This makes me sad.. most RTS games have such terrible AI it often pains me to play them (and I love RTS games). Yeah yeah everything is moving towards online multiplayer, but I can't be the only person who would pay extra for a good single player experience, because often I really dislike the multiplayer experience and despite that I'm playing a lot of online games at the moment (Path of Exile, World of Tanks, League of Legends...), I usually prefer to play single player games and for this good AI is very important to me.



I love playing humans but same as you sometimes I want to take things my pace and it's a very different game from the kind of AI I want to be playing. And some of my friends hate playing humans, the games are too fast paced and they hate the shit-talk you sometimes get.
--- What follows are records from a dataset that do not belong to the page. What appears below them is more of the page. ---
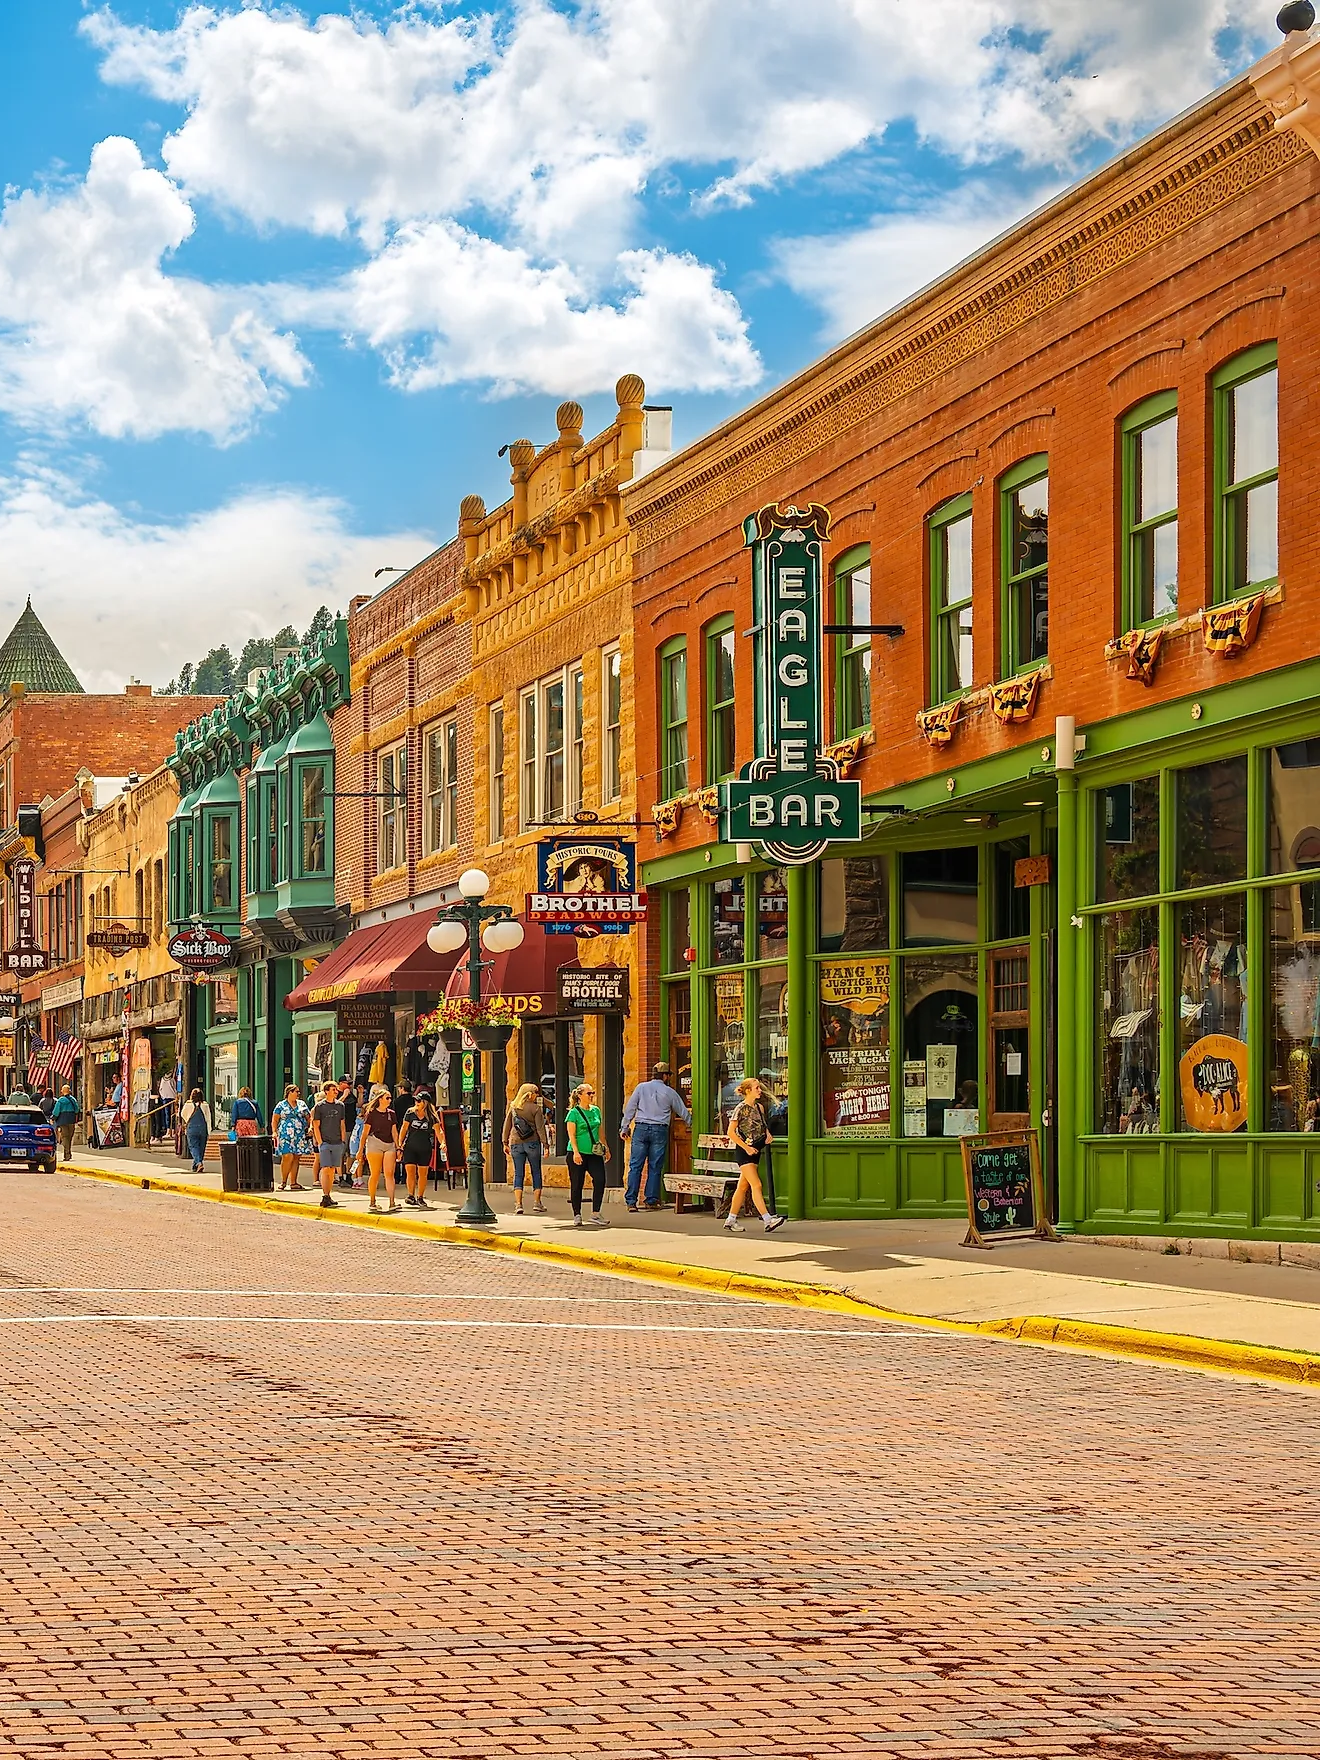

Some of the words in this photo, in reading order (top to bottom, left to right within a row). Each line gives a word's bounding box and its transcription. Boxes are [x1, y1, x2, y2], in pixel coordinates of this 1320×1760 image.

[778, 567, 808, 772] EAGLE
[749, 794, 842, 827] BAR
[555, 847, 592, 861] HISTORIC
[593, 847, 618, 860] TOURS
[19, 864, 31, 905] WILD
[530, 894, 647, 912] BROTHEL
[530, 911, 646, 920] DEADWOOD
[19, 908, 31, 948] BILL
[603, 923, 624, 931] 1980
[93, 934, 123, 944] TRADING
[125, 934, 143, 944] POST
[170, 939, 203, 957] Sick
[203, 940, 231, 958] Boy
[8, 954, 44, 968] BAR
[821, 966, 865, 980] HANG
[825, 977, 873, 988] JUSTICE
[876, 976, 889, 985] FO
[562, 986, 623, 998] BROTHEL
[833, 986, 862, 996] WILD
[828, 1051, 849, 1059] THE
[851, 1049, 882, 1057] TRIAL
[829, 1057, 856, 1065] JACK
[858, 1056, 890, 1064] McCAL
[835, 1089, 858, 1101] SHOW
[859, 1085, 890, 1098] TONIGHT
[840, 1097, 863, 1116] RIGHT
[866, 1093, 889, 1113] HERE!
[1004, 1152, 1018, 1168] get
[981, 1170, 1004, 1183] taste
I remember reading THQ lamenting the decline in RTSes, as I watched RTSes from the two remaining greats move from base building to quick mini-troop production games. The trouble that people like THQ and Blizzard don't seem to realise is that though the sales of this game do great and people are playing lots of online matches, it's the next one that'll suffer the decline in sales as casuals abandon the increasingly online optimized experience.

I want hordes that aren't totally retarded so that each game is different. They need to start making horde modes that are actually varied and interesting, unlike the predictable drivel that DoW2 and SC2 were. The AI in those games was stupid, predictable and broken. It started fun as you raced to build your base in time, but after a few games it wasn't fun at all. You could set a stopwatch by when the computer would try and rush you.
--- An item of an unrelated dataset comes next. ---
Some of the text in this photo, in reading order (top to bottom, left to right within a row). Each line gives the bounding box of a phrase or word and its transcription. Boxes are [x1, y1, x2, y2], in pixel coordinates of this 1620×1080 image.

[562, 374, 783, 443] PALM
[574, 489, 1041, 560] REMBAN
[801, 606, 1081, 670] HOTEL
I didn't work on DoW2 but I worked on CoH. The core AI engine was similar. CoH added features to improve group pathfinding and pathfinding for when terrain changed, etc. I don't remember all of the details since this was 5 or 6 years ago.

But the fundamental problem with AI is not building the AI. The problem is tuning the AI. You end up with a terribly tuned game if you give designers too many knobs or if your knobs look like a helicopter cockpit.


You may want to check out AI War[1]. The designer sounds like he is well-versed in AI and made it one of the game's selling points.

It's also an extremely DRM-friendly game too!

[1] http://christophermpark.blogspot.com/2009/06/designing-emerg...


AI War is an excellent game and the AI does some surprisingly smart things sometimes (not to mention that you can have tens of thousands of units in a game).

But AI War is also a very different gameplay experience to most other RTS games, so while its a good game in its own right and does have good AI, it may leave you disappointed if you're looking for a more traditional experience.

Not to mention that its an insanely hard game but I guess that's the price you pay for "good" AI!